• Information provided
·····
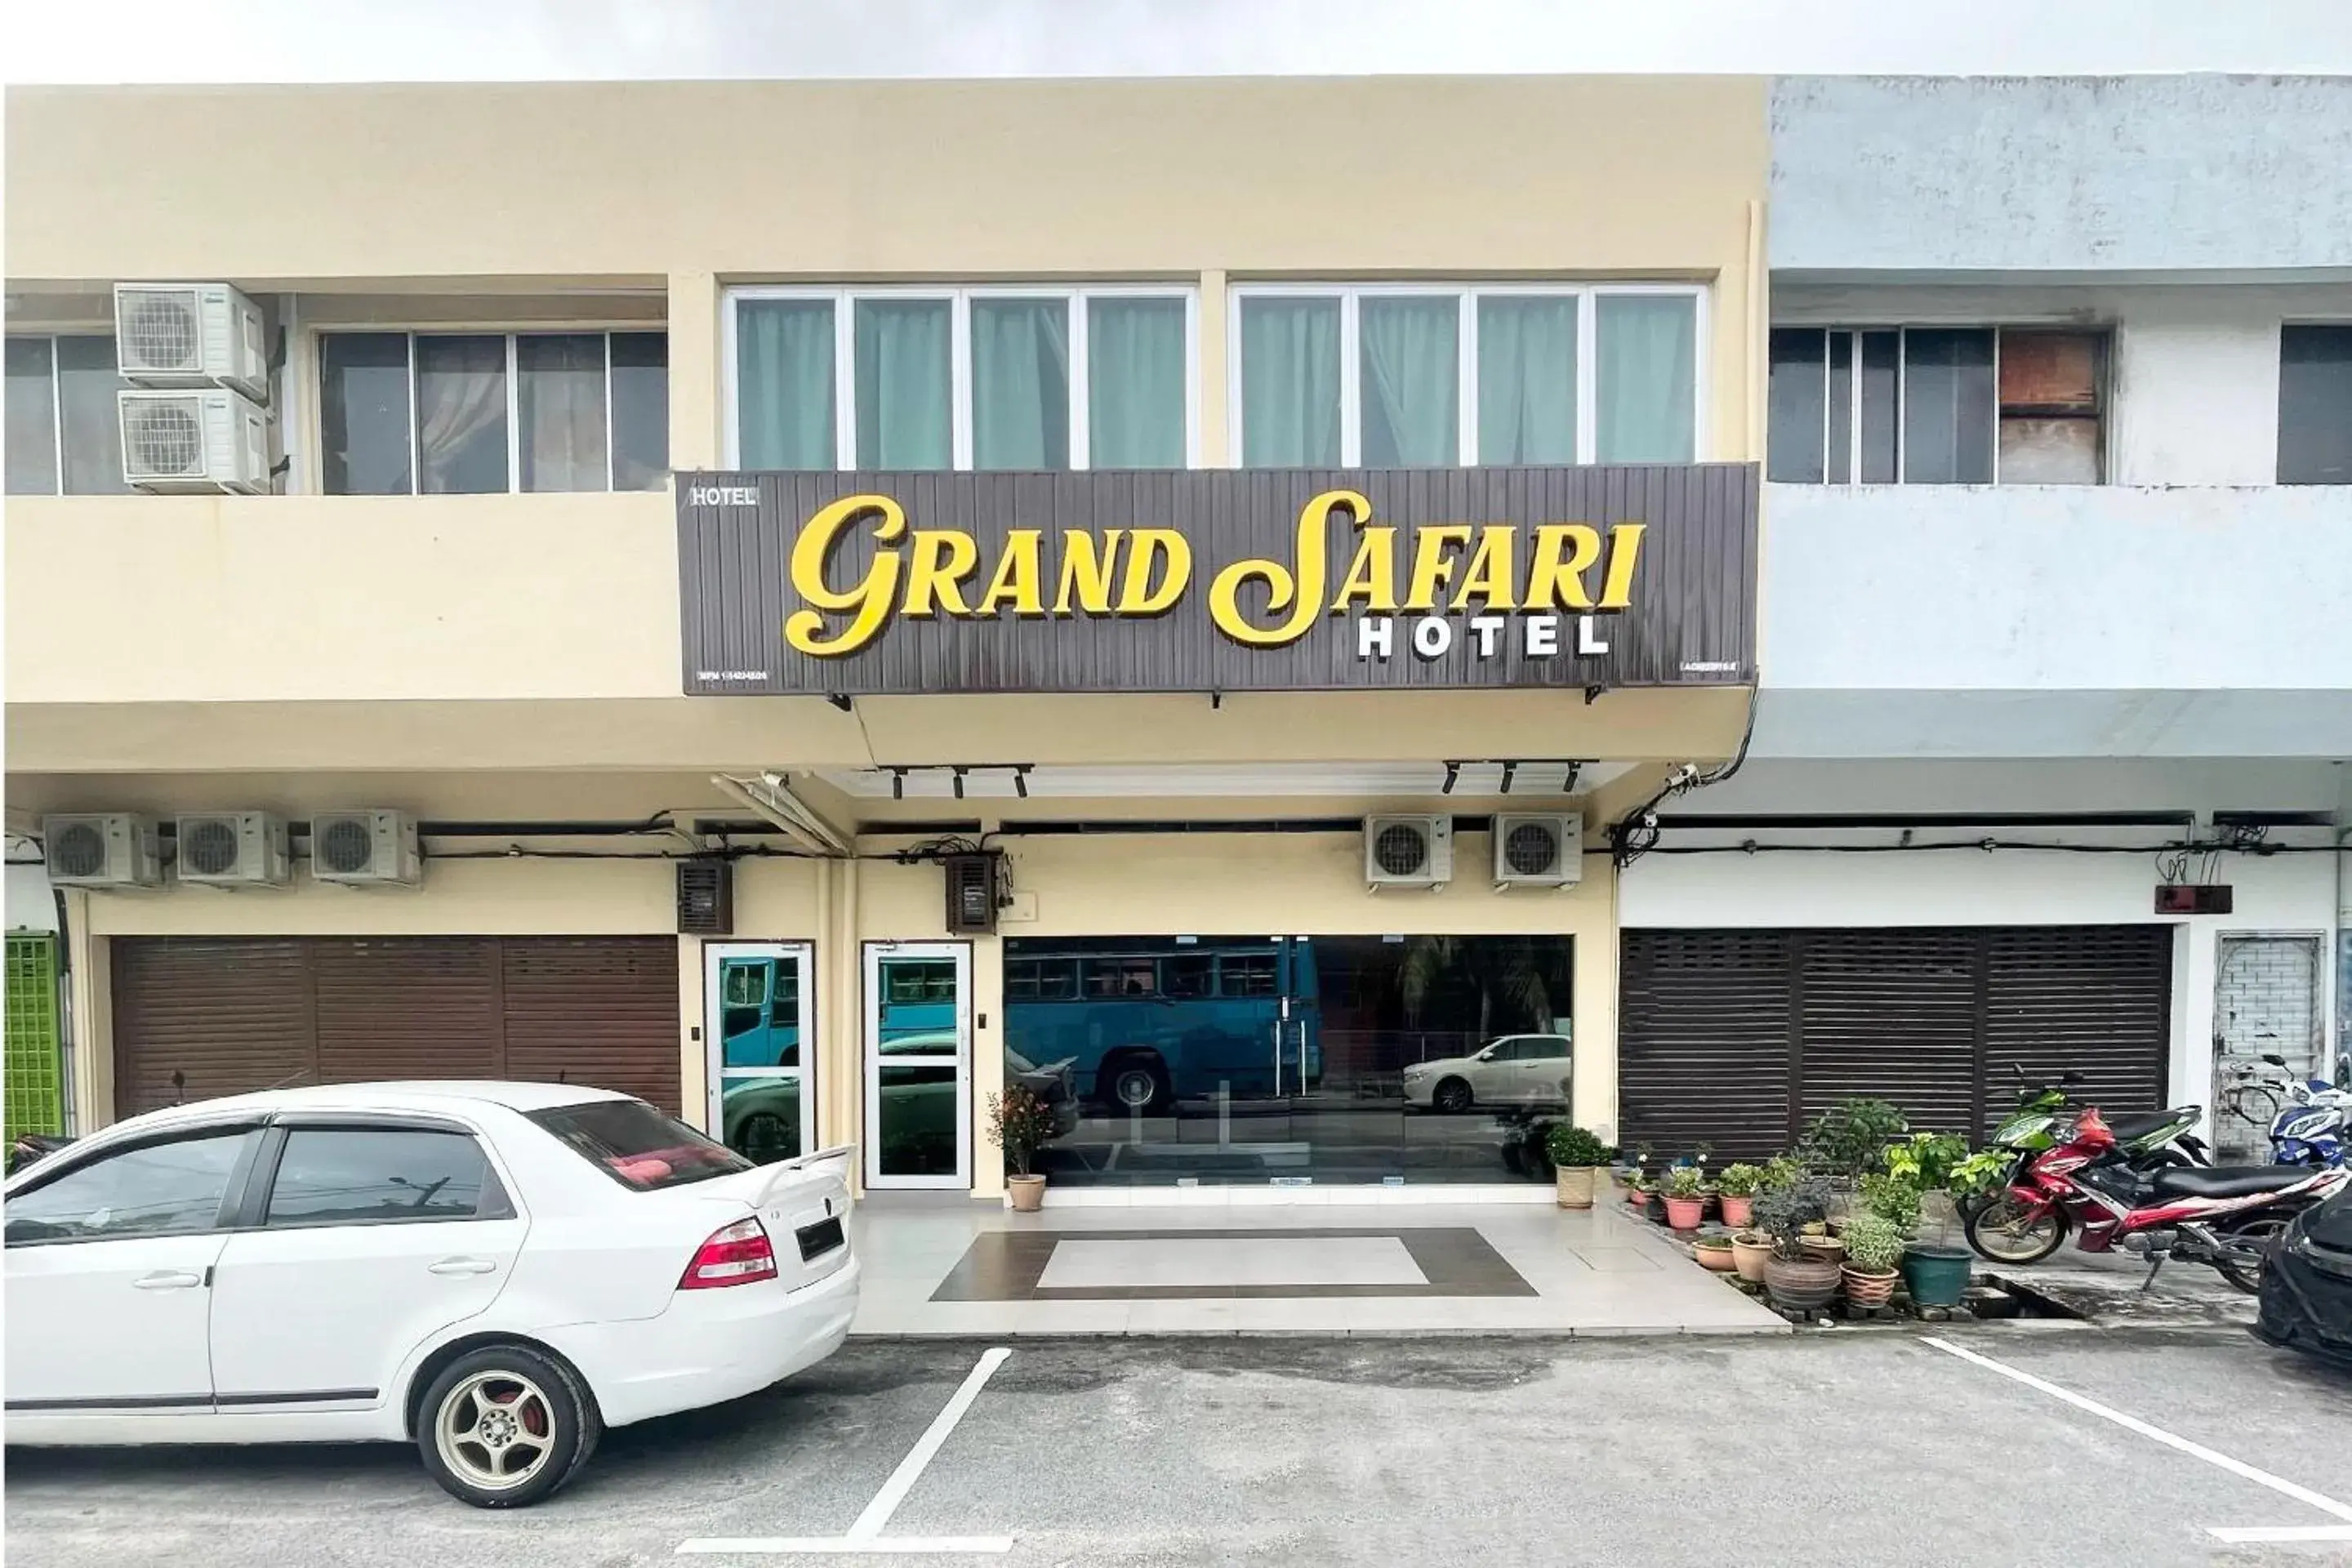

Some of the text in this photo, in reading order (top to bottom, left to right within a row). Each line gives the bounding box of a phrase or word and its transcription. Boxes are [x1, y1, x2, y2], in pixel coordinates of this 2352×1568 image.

[692, 487, 756, 506] HOTEL
[785, 489, 1647, 656] GRAND SAFARI
[1358, 615, 1610, 657] HOTEL
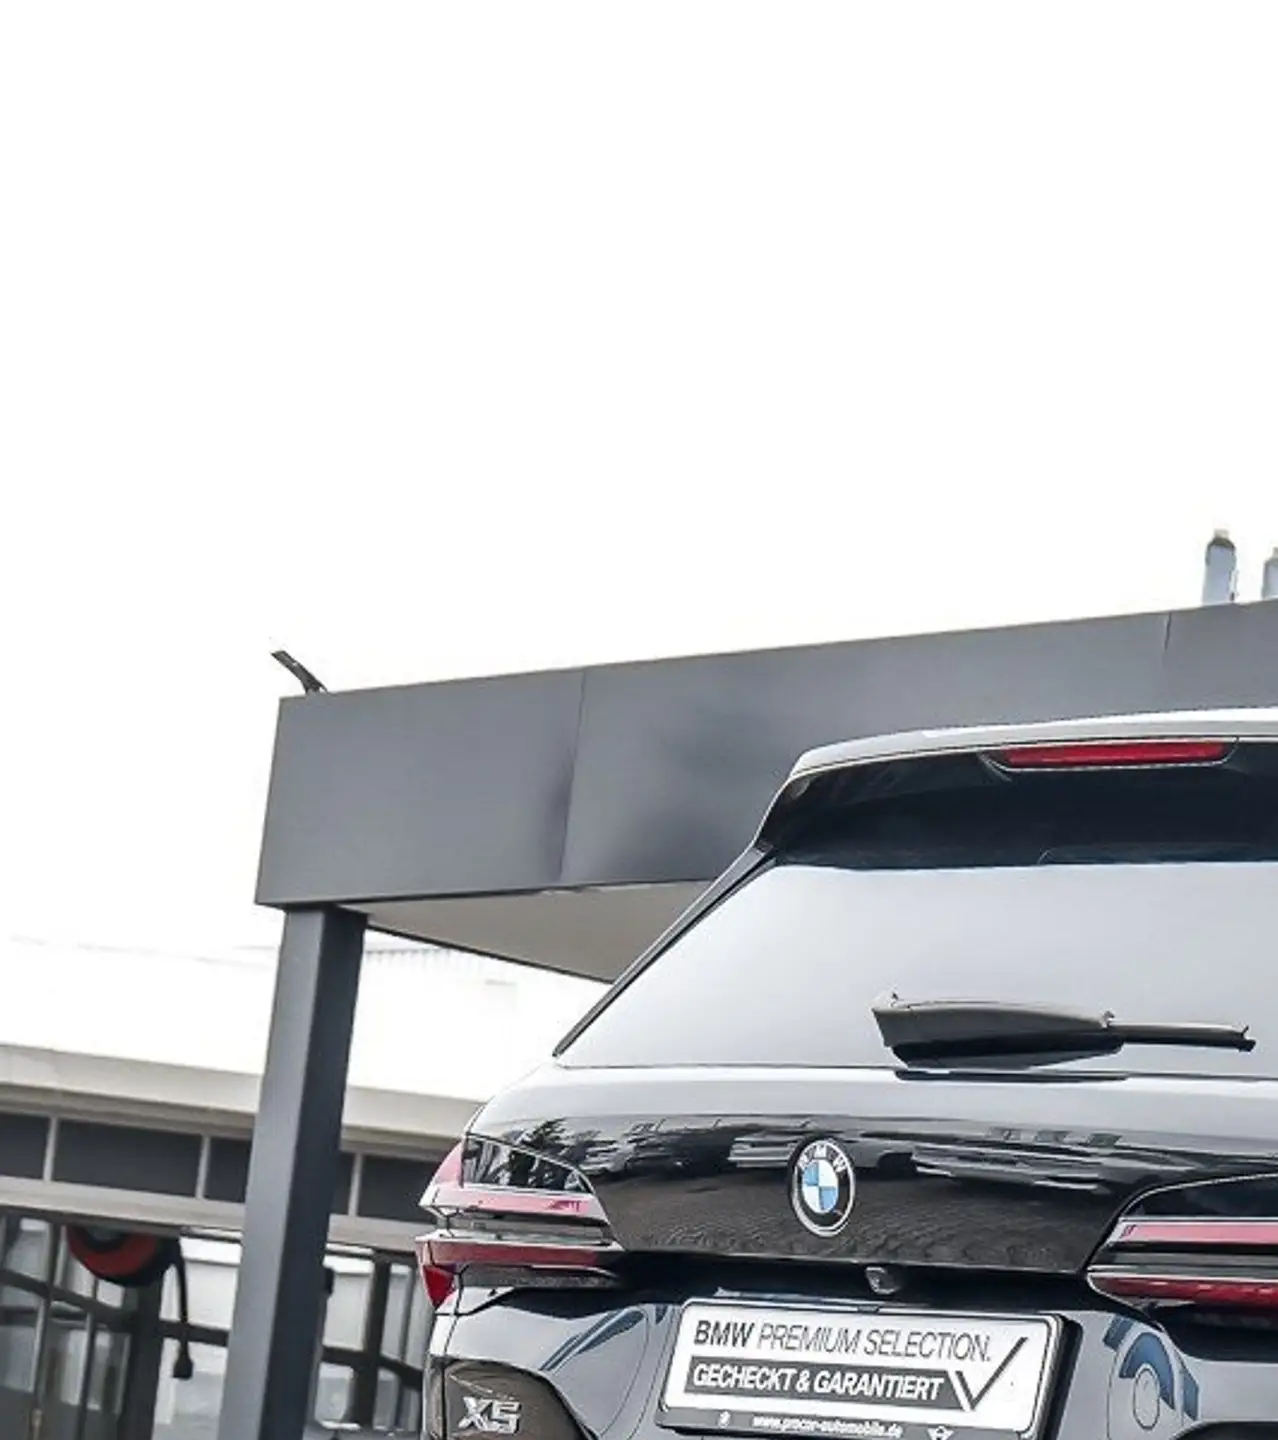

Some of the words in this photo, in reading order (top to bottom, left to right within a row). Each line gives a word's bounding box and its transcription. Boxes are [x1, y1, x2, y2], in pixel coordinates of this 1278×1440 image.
·····
Copy the data in full. No pictures belong in the copy.

• Exercise result
Some of the text in this photo, in reading order (top to bottom, left to right within a row). Each line gives the bounding box of a phrase or word and its transcription. Boxes are [x1, y1, x2, y2], in pixel coordinates of this 2352×1568 image.

[692, 487, 756, 506] HOTEL
[785, 489, 1647, 656] GRAND SAFARI
[1358, 615, 1610, 657] HOTEL

Some of the words in this photo, in reading order (top to bottom, left to right within a row). Each line gives a word's bounding box and its transcription. Boxes are [x1, y1, x2, y2], in pixel coordinates of this 1278×1440 image.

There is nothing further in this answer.